[RECORD EXTRACTS]:
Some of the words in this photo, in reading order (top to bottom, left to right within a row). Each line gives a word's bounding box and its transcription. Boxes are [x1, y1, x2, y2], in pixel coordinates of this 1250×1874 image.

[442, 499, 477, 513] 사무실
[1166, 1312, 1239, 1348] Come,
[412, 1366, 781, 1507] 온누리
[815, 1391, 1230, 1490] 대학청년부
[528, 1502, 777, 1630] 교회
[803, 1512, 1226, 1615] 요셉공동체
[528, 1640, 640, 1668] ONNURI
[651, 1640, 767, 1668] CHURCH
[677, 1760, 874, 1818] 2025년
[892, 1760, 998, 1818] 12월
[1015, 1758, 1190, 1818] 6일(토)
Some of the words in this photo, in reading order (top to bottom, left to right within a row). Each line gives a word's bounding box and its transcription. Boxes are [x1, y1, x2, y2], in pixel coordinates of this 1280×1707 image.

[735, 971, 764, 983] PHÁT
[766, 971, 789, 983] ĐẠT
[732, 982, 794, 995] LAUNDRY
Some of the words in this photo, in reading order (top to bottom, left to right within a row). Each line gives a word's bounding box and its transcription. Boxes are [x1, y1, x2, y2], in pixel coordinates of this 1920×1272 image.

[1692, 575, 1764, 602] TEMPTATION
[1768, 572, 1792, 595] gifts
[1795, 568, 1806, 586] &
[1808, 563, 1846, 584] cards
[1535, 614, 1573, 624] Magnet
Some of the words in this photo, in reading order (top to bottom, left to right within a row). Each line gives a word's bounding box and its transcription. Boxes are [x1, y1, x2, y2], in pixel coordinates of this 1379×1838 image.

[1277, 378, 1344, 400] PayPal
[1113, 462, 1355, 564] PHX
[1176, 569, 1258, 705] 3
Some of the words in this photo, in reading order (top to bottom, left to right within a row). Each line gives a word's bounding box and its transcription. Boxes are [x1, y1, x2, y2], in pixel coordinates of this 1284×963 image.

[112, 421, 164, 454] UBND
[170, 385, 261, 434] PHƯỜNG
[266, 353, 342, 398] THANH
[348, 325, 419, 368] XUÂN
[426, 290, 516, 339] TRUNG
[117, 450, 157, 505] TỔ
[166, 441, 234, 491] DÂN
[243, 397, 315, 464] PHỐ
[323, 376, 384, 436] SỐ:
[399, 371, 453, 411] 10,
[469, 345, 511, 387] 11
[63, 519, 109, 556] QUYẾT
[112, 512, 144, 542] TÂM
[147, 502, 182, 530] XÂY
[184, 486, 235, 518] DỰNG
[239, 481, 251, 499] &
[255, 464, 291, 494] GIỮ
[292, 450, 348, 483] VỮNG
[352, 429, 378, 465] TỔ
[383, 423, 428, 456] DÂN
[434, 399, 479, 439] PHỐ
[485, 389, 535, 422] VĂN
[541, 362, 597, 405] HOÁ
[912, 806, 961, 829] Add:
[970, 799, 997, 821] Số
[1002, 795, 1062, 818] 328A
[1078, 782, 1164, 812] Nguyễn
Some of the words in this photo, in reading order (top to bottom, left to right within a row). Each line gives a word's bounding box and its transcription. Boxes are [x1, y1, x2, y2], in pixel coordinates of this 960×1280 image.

[PROMPT]: Give a word-for-word copy of the records.

[YOUR SOLUTION]:
Some of the words in this photo, in reading order (top to bottom, left to right within a row). Each line gives a word's bounding box and its transcription. Boxes are [x1, y1, x2, y2], in pixel coordinates of this 1250×1874 image.

[442, 499, 477, 513] 사무실
[1166, 1312, 1239, 1348] Come,
[412, 1366, 781, 1507] 온누리
[815, 1391, 1230, 1490] 대학청년부
[528, 1502, 777, 1630] 교회
[803, 1512, 1226, 1615] 요셉공동체
[528, 1640, 640, 1668] ONNURI
[651, 1640, 767, 1668] CHURCH
[677, 1760, 874, 1818] 2025년
[892, 1760, 998, 1818] 12월
[1015, 1758, 1190, 1818] 6일(토)
Some of the words in this photo, in reading order (top to bottom, left to right within a row). Each line gives a word's bounding box and its transcription. Boxes are [x1, y1, x2, y2], in pixel coordinates of this 1280×1707 image.

[735, 971, 764, 983] PHÁT
[766, 971, 789, 983] ĐẠT
[732, 982, 794, 995] LAUNDRY
Some of the words in this photo, in reading order (top to bottom, left to right within a row). Each line gives a word's bounding box and its transcription. Boxes are [x1, y1, x2, y2], in pixel coordinates of this 1920×1272 image.

[1692, 575, 1764, 602] TEMPTATION
[1768, 572, 1792, 595] gifts
[1795, 568, 1806, 586] &
[1808, 563, 1846, 584] cards
[1535, 614, 1573, 624] Magnet
Some of the words in this photo, in reading order (top to bottom, left to right within a row). Each line gives a word's bounding box and its transcription. Boxes are [x1, y1, x2, y2], in pixel coordinates of this 1379×1838 image.

[1277, 378, 1344, 400] PayPal
[1113, 462, 1355, 564] PHX
[1176, 569, 1258, 705] 3
Some of the words in this photo, in reading order (top to bottom, left to right within a row). Each line gives a word's bounding box and its transcription. Boxes are [x1, y1, x2, y2], in pixel coordinates of this 1284×963 image.

[112, 421, 164, 454] UBND
[170, 385, 261, 434] PHƯỜNG
[266, 353, 342, 398] THANH
[348, 325, 419, 368] XUÂN
[426, 290, 516, 339] TRUNG
[117, 450, 157, 505] TỔ
[166, 441, 234, 491] DÂN
[243, 397, 315, 464] PHỐ
[323, 376, 384, 436] SỐ:
[399, 371, 453, 411] 10,
[469, 345, 511, 387] 11
[63, 519, 109, 556] QUYẾT
[112, 512, 144, 542] TÂM
[147, 502, 182, 530] XÂY
[184, 486, 235, 518] DỰNG
[239, 481, 251, 499] &
[255, 464, 291, 494] GIỮ
[292, 450, 348, 483] VỮNG
[352, 429, 378, 465] TỔ
[383, 423, 428, 456] DÂN
[434, 399, 479, 439] PHỐ
[485, 389, 535, 422] VĂN
[541, 362, 597, 405] HOÁ
[912, 806, 961, 829] Add:
[970, 799, 997, 821] Số
[1002, 795, 1062, 818] 328A
[1078, 782, 1164, 812] Nguyễn
Some of the words in this photo, in reading order (top to bottom, left to right within a row). Each line gives a word's bounding box and its transcription. Boxes are [x1, y1, x2, y2], in pixel coordinates of this 960×1280 image.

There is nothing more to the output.